Introduction:Malignant pleural disease (MPE) is a common complication of metastatic cancers. Malignant ascites (MA) is usually seen with cancers of intra-abdominal origin, owing to the presumed local and transmural spread. There is little known about the correlation of malignant effusion and ascites in the tumors originating from intra-abdominal organs and if there are any common disease patterns owing to similar embryological origins of pleura and peritoneum.

Methods:We reviewed data of all patients referred to our tertiary pleural service with suspected MPE secondary to gynaecological (ovarian/cervical/endometrial), gastrointestinal (oesophageal, gastric, intestinal) and pancreato-biliary cancers between Dec21-Dec22. Data of confirmed MPE patients were analysed to assess the incidence of MA in relation to MPE, need for intervention and the impact on prognosis.
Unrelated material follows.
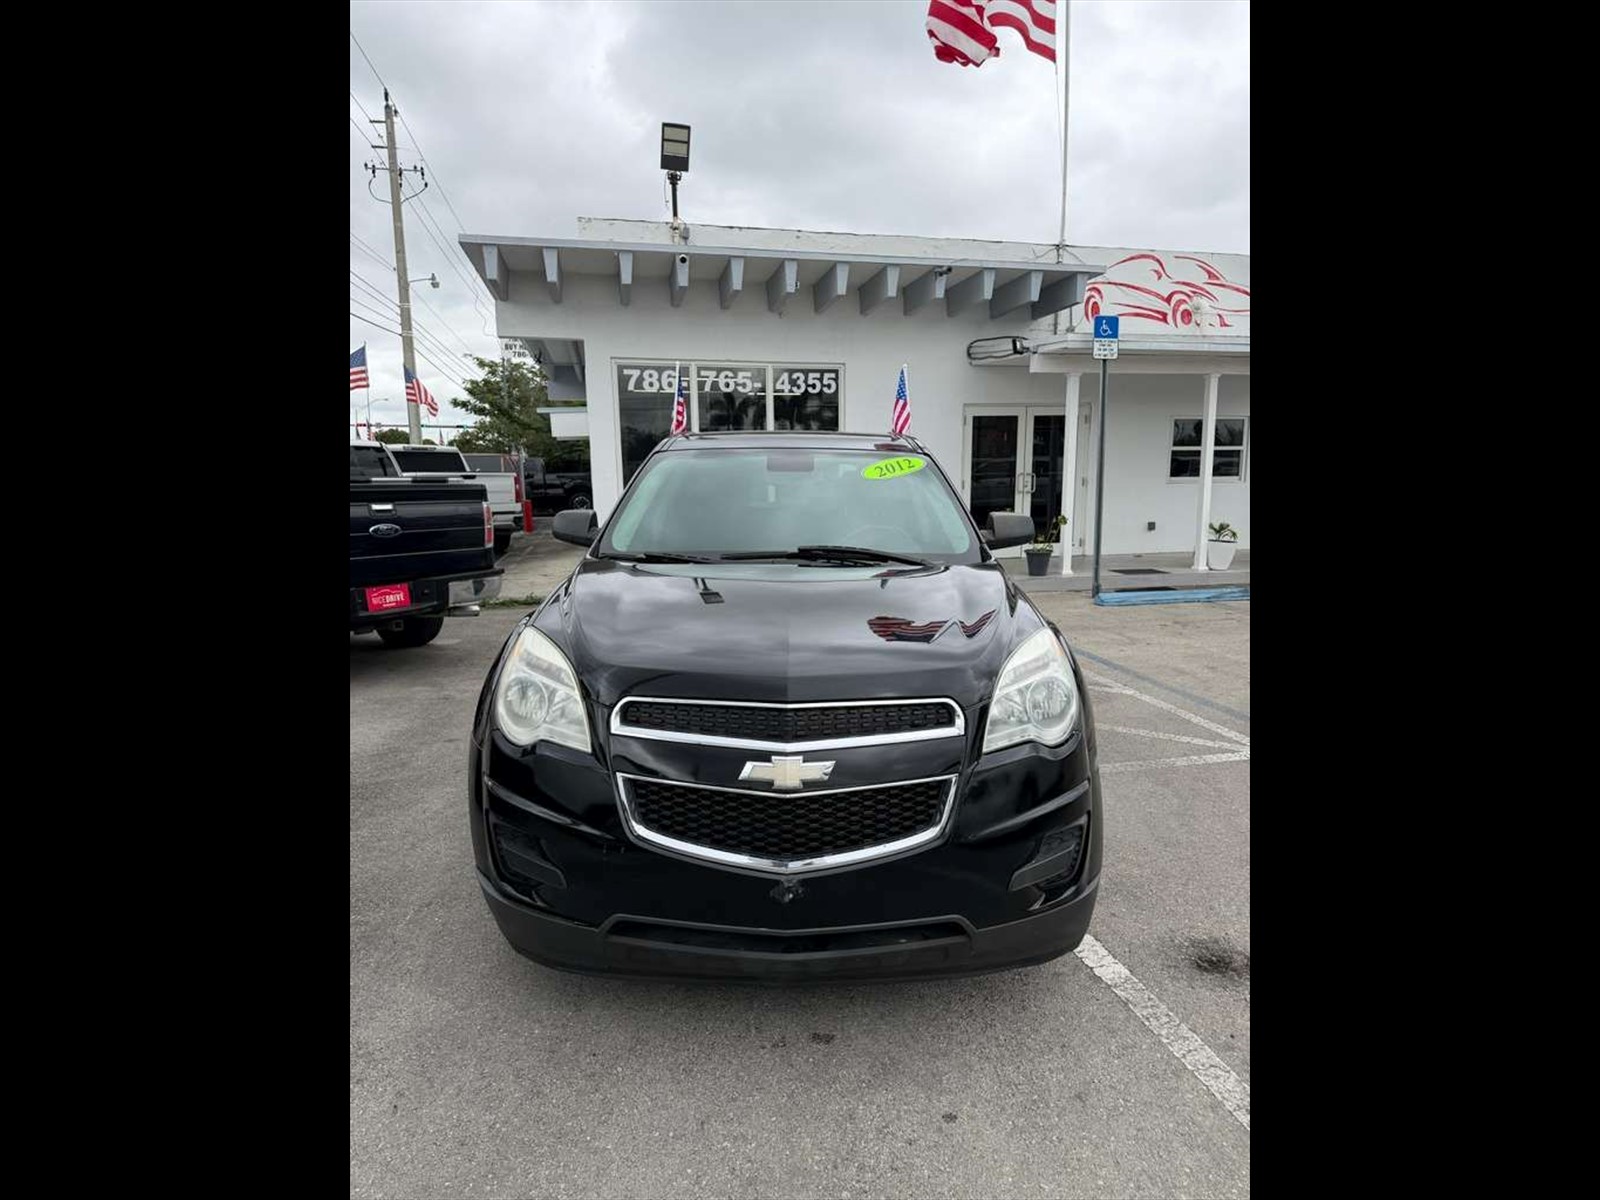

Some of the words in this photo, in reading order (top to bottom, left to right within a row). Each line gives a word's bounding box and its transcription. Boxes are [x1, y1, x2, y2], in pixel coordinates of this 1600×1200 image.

Results:Of 168 patients diagnosed with confirmed MPE, 18/168 (10%) patients had gynaecological, 12/168 (7%) had gastrointestinal and 12/168 had pancreato-biliary cancer (total 42/168, 25%). 23/42 (54%) developed MA (16/23 gynaecological, 1/23 gastrointestinal, 6/23 pancreato-biliary) but only 13/23 (56%) required drainage compared to 40/42 (95%) of MPE. 10/23 (43%) patients developed MA before MPE. The prognosis after detection of MA was 48 weeks compared to 20 weeks for MPE. Once symptomatic, the prognosis for MA and MPE was 35 weeks and 16 weeks respectively. There was no statistically significant difference in prognosis between MA and MPE (?2: 0.05, p-value:0.81).

Conclusion:

Almost half of the patients with intra-abdominal malignancies can develop malignant effusion without ascites but the prognosis is not worse.